Thuy Le, MD: There is a scar and actually most of my patients prefer the location of this device because for women who are more self-conscious, it's cosmetically in a better location. So instead of having the device in an anterior location underneath their clavicle, the device is actually on the lateral aspect of their chest wall so it can be concealed easily.
Deborah Howell (Host): That's wonderful. Just the news is better and better and better for patients who need help like this.
Thuy Le, MD: Correct.
Deborah Howell (Host): So how does someone know if they may need or benefit from an SICD?
Thuy Le, MD: So in terms of patients who would need this, if you have a family history of someone dying at a young age, and what I mean by young is anyone who dies suddenly at an age of less than 40, or if you've had a heart attack, or if you have certain risk factors for heart disease, whether it's valvular disease, diabetes, or hypertension, you can go and see your cardiologist who will then measure how strong your heart is by a value called an ejection fraction. And we know that a normal healthy ejection fraction should be at least 55% or greater. And if your ejection fraction is less than 35%, then we know that you're at risk for sudden cardiac arrest.
Deborah Howell (Host): Okay, this could definitely, definitely save those lives. So what are the steps they should take to find out if they're having certain symptoms?
Thuy Le, MD: So the steps would be if you have heart failure symptoms, shortness of breath, fatigue, decreased exercise tolerance, and if you've had a history of a heart attack, the first step would to see your cardiologist, he or she will then order some sort of imaging test to measure the ejection fraction. And from there, they will send the patient as a referral to see an electrophysiologist, who is the physician that's typically the one that implants these type of devices.
Deborah Howell (Host): Do you see anything in the future that's even more exciting?
Thuy Le, MD: I do, actually. They're now coming out with leadless pacemakers, so that's very exciting for the field in general.
Deborah Howell (Host): So explain what that, explain what that might be, I mean for a person who doesn't know.
Thuy Le, MD: Yes, so most devices, pacemakers as well as defibrillators, right now the way that it's being implanted requires placement of a wire or a lead into the vascular system. And the problem with that is that we know that over 20% of patients will have lead failure by 10 years, and if the lead fail, then the problem would be going back into the heart having to remove the lead and there's procedural complications. If one is able to place a pacemaker or defibrillator without a lead, then that preserves the vasculature.
Deborah Howell (Host): Okay, wonderful. Wow, the news just keeps getting better and better. We want to thank you so, so much for being on our program today.
Thuy Le, MD: You're welcome.
Deborah Howell (Host): Where should people go if they want more information?
Thuy Le, MD: Yes, they can contact Orange Coast Memorial and West California Heart Associate, we are in Fountain Valley and we're more than happy to talk to the patients.
Deborah Howell (Host): Wonderful, Dr. Le.

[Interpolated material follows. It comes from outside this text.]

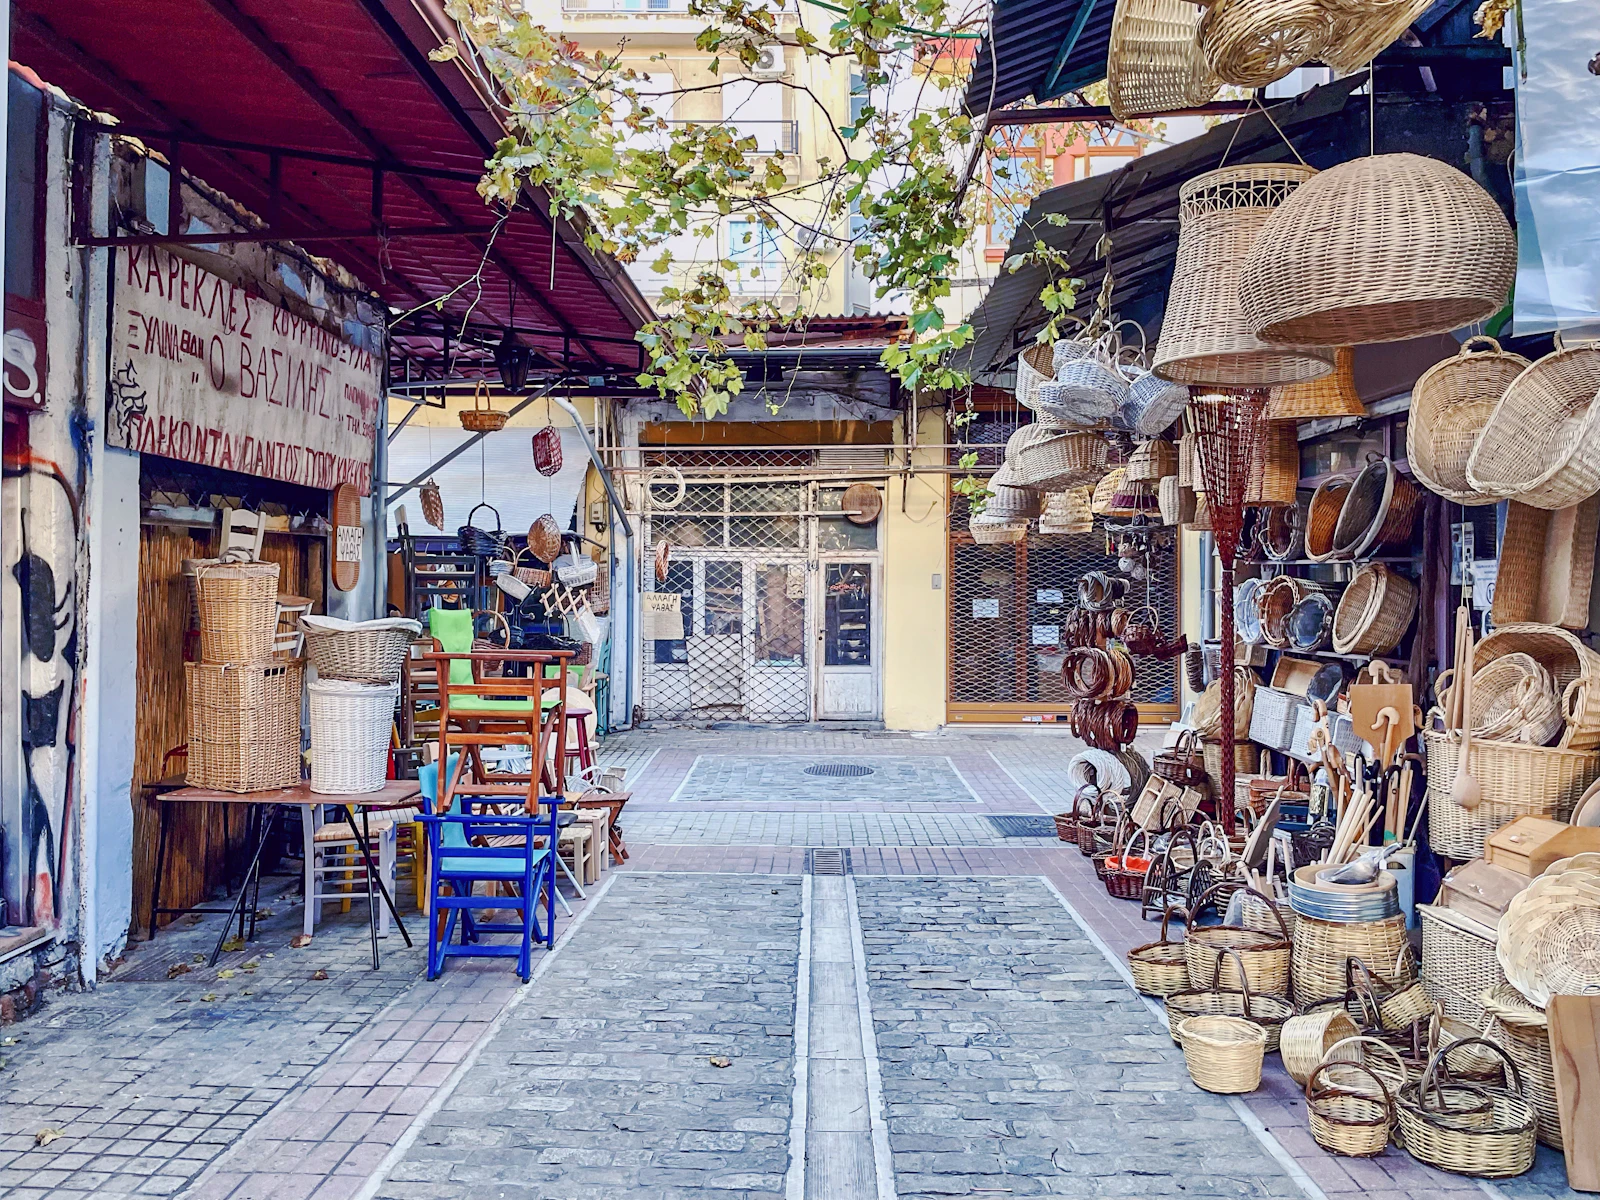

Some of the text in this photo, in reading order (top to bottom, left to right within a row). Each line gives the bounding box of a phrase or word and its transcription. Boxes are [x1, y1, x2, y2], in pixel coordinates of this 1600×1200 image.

[127, 245, 258, 339] ΚΑΡΕΚΛΕΣ
[337, 527, 363, 544] ΑΛΛΑΓΗ
[646, 594, 678, 604] ΑΛΛΑΓΗ
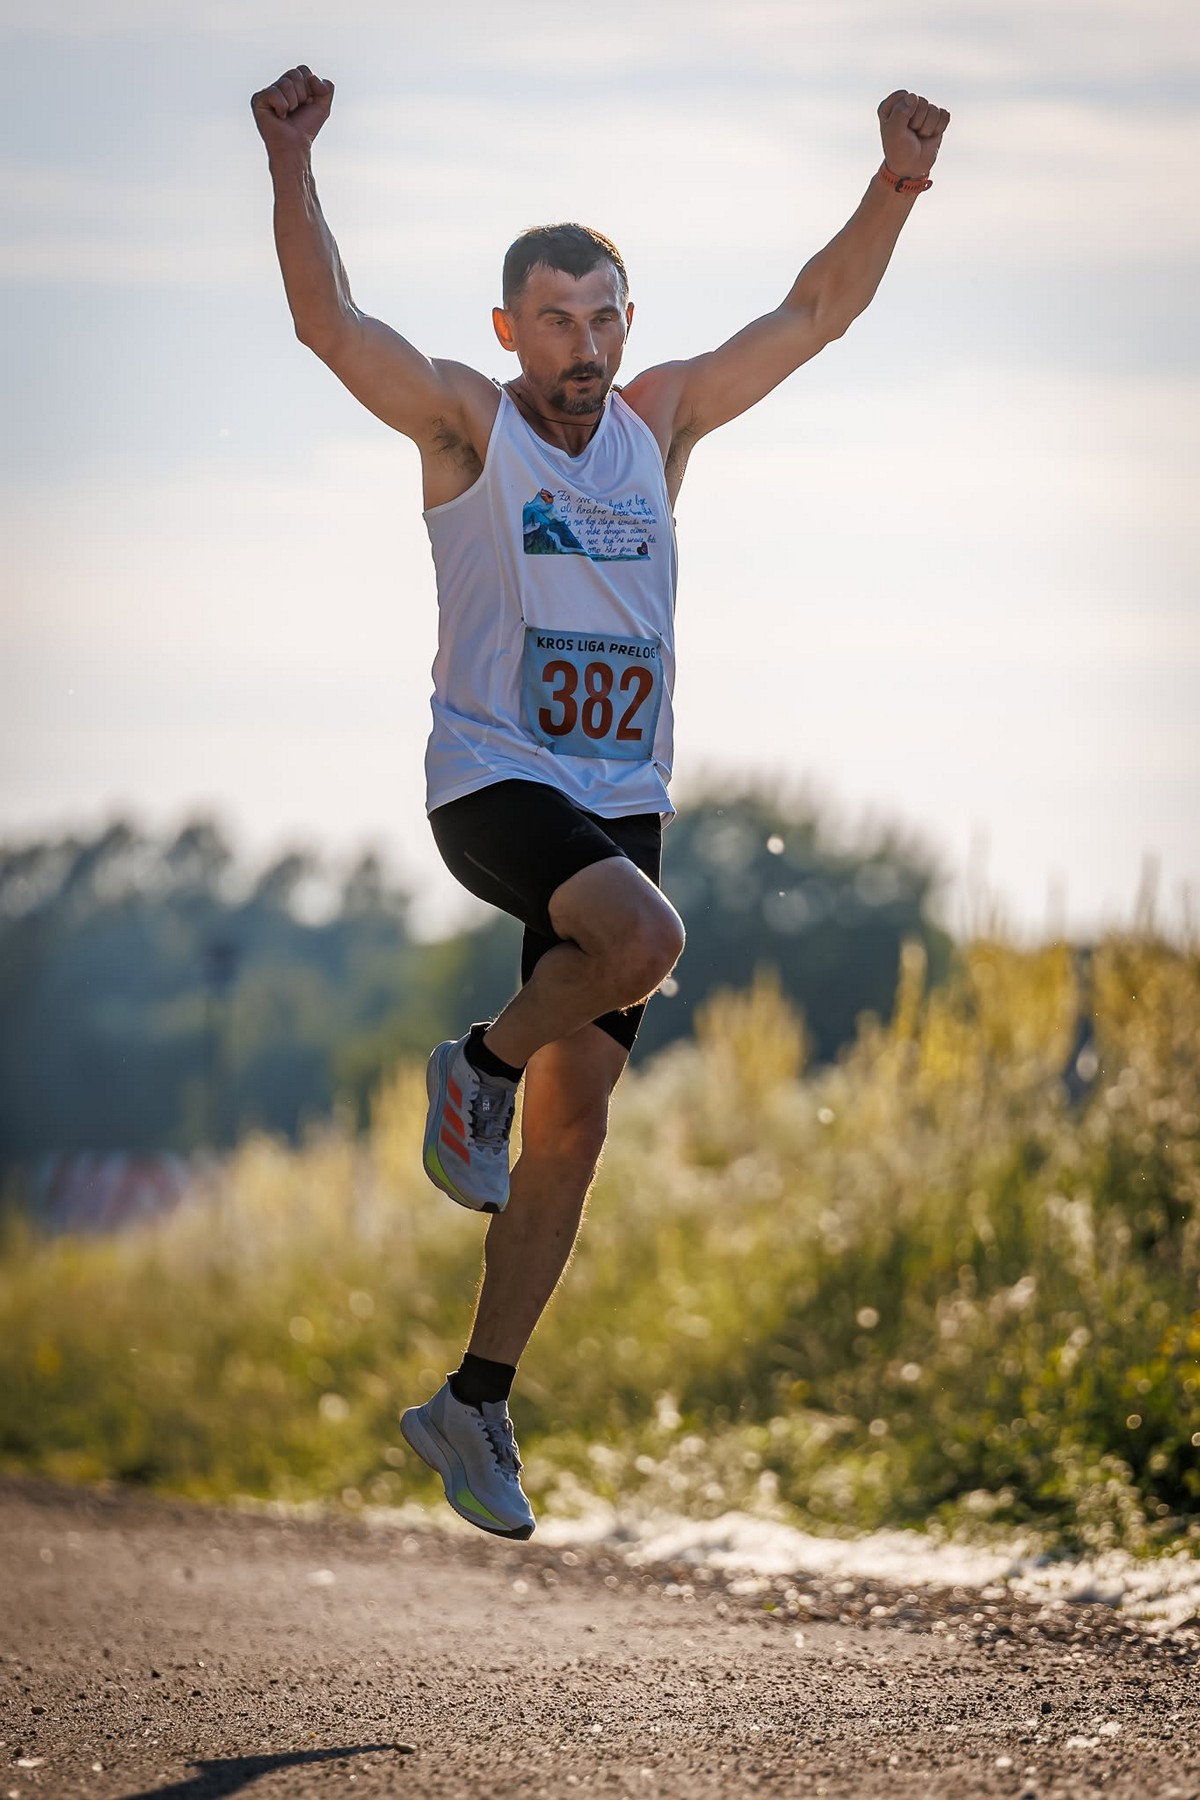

Is there anything else we should know?
Thuy Le, MD: No, I think that's it for now.
Deborah Howell (Host): Okay, well we want to thank you again, it's been wonderful and very enlightening and really exciting to have you on the program because there's been so many improvements and such a great quality of life for people who might not have enjoyed that previously.
Thuy Le, MD: Okay, thank you very much.
Deborah Howell (Host): To listen to the podcast or for more information, please visit memorialcare.org. That's memorialcare.org. I'm Deborah Howell. Join us again next time as we explore another Weekly Dose of Wellness brought to you by MemorialCare Health System. Have a fantastic day.
Published on Nov. 26, 2019
Approximately 850,000 people in the United States are at risk of sudden cardiac arrest and indicated for an implantable defibrillator device, but remain unprotected. Thuy Le, MD, a board-certified cardiac electrophysiologist at The MemorialCare Heart & Vascular Institute at Orange Coast Memorial Medical Center, discusses the recent advances in implantable defibrillators, who would benefit from the device and how it works to save lives.